Though they were out of style for many years, interest in the clawfoot bathtub is being renewed as many of today’s homeowners are favoring an old-timey, vintage look instead of the sleek, contemporary designs often seen in new houses. At NAPCO, our refinishers are often asked to work on these types of tubs as owners wish to preserve the beautiful household fixture, but need help restoring the surface to working use. We thought it would be fun and informative to provide a brief history of this type of bathtub and why it is still so widely appreciated today!

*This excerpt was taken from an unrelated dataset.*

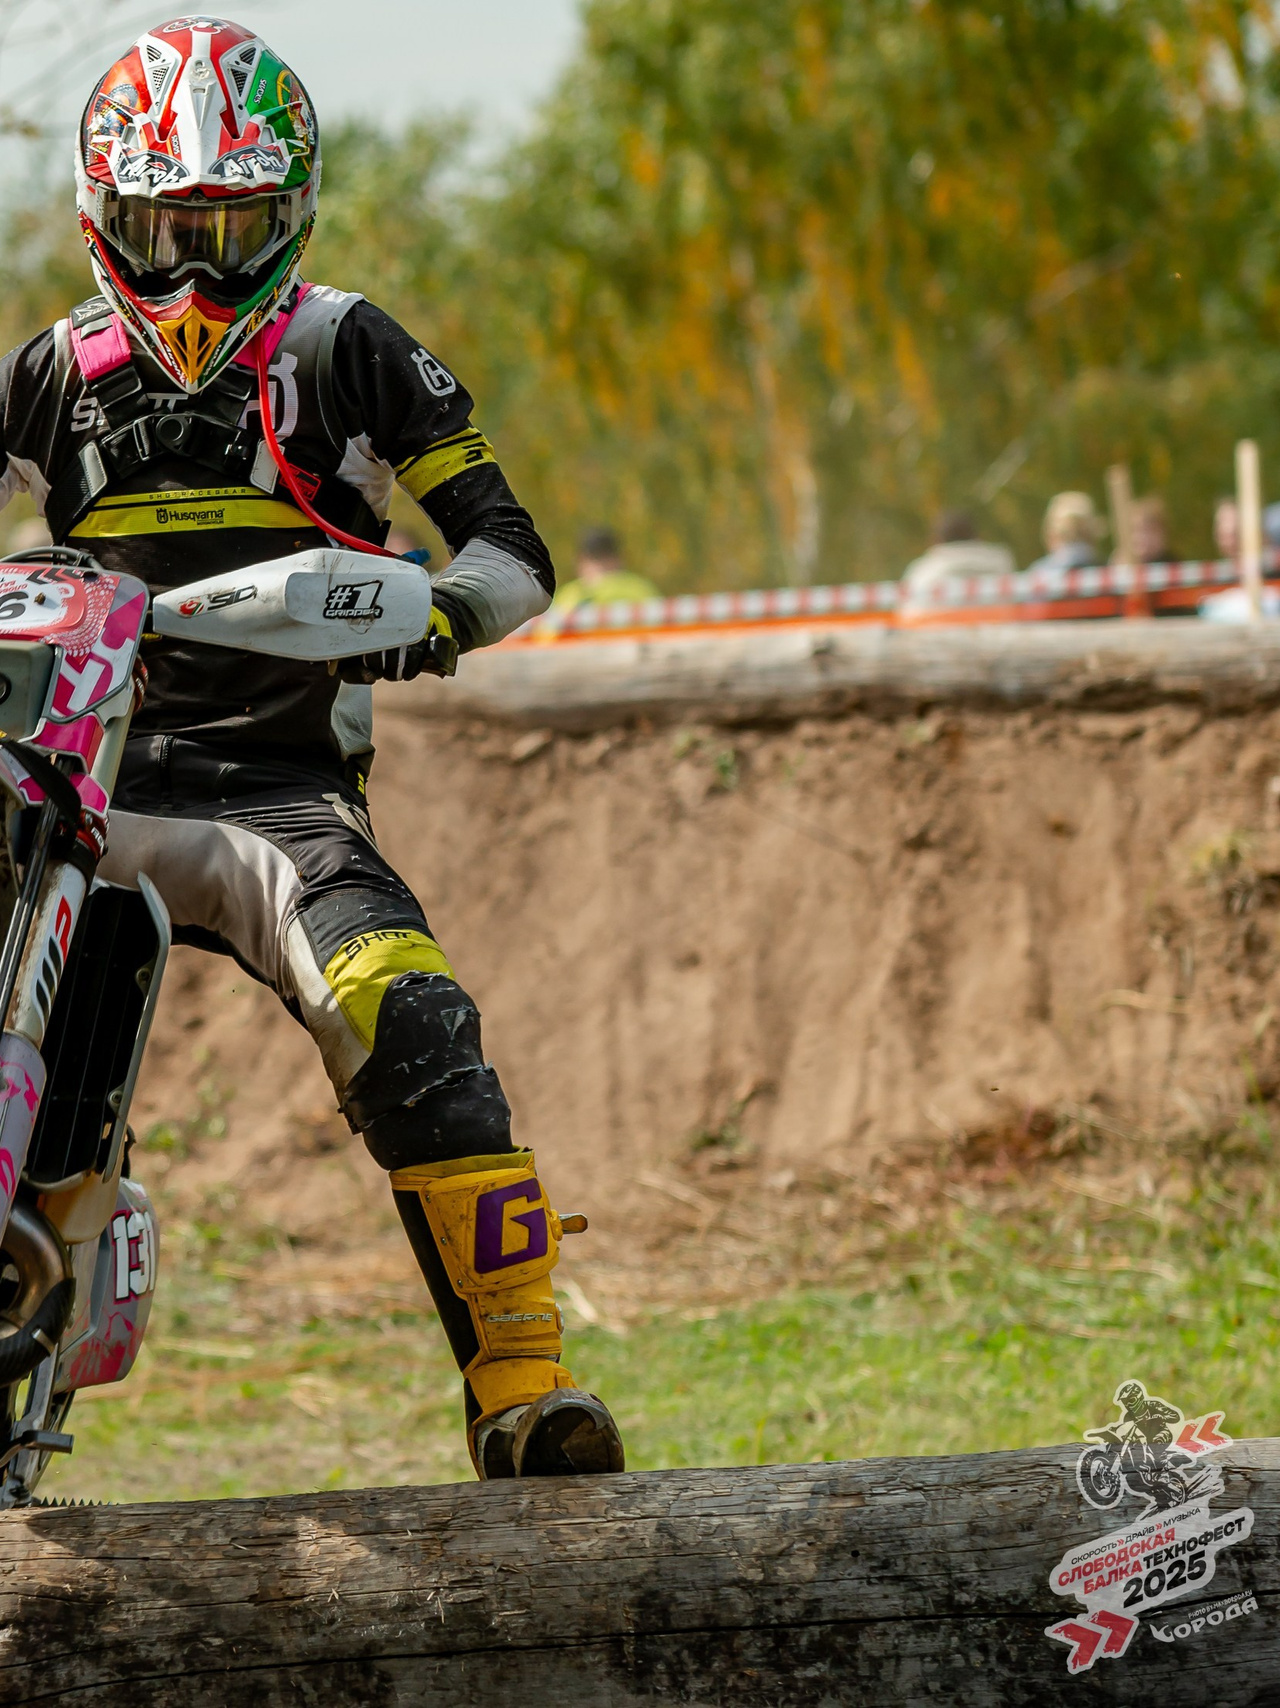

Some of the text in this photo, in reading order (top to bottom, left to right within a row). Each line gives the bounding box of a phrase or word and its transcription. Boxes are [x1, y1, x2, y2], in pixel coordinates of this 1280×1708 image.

Kohler’s clawfoot, cast-iron enamel tubs

refinished claw-foot bathtubIn the early 19th century, the production of cast-iron was brought over from England to the east coast of the U.S. Over the next few decades, cast-iron pipes and home appliances became more widespread, with the installation of a national plumbing code in 1848. In 1883, Kohler and the Standard Sanitary Manufacturing Company began working on a new surface coating for cast-iron tubs. The coating was made primarily of enamel and created a smoother, more easily cleaned surface.

Kohler’s clawfoot, cast-iron enamel tubs soon became extremely popular because their sanitary coatings helped to ward off disease-causing bacteria. They began mass-producing these tubs around the turn of the 20th century. After the end of World War I, the U.S. experienced a boom in housing production, and most new houses were equipped with modern plumbing amenities like a bathroom sink, toilet, and enamel-coated clawfoot tub.

Though less than 2 percent of Americans had indoor plumbing at this time, the popularity of the clawfoot tub continued to grow. Over the next several years, the design of the clawfoot tub evolved into one with a more enclosed style. Then, in 1928, the Crane Company introduced customizable color bathroom appliances. More and more families opted for indoor plumbing, as the tailored options made it an even more appealing amenity.

Today

Today, many homeowners still wish to preserve their Victorian-era tubs as a unique piece of history. Even the production of new clawfoot tubs is on the rise, as people are replacing their average tubs with historical look-a-likes. NAPCO can certainly help homeowners maintain their old clawfoot tubs by refinishing their sanitary enamel coatings. We hope you enjoyed this bathtub history lesson and stay tuned for more!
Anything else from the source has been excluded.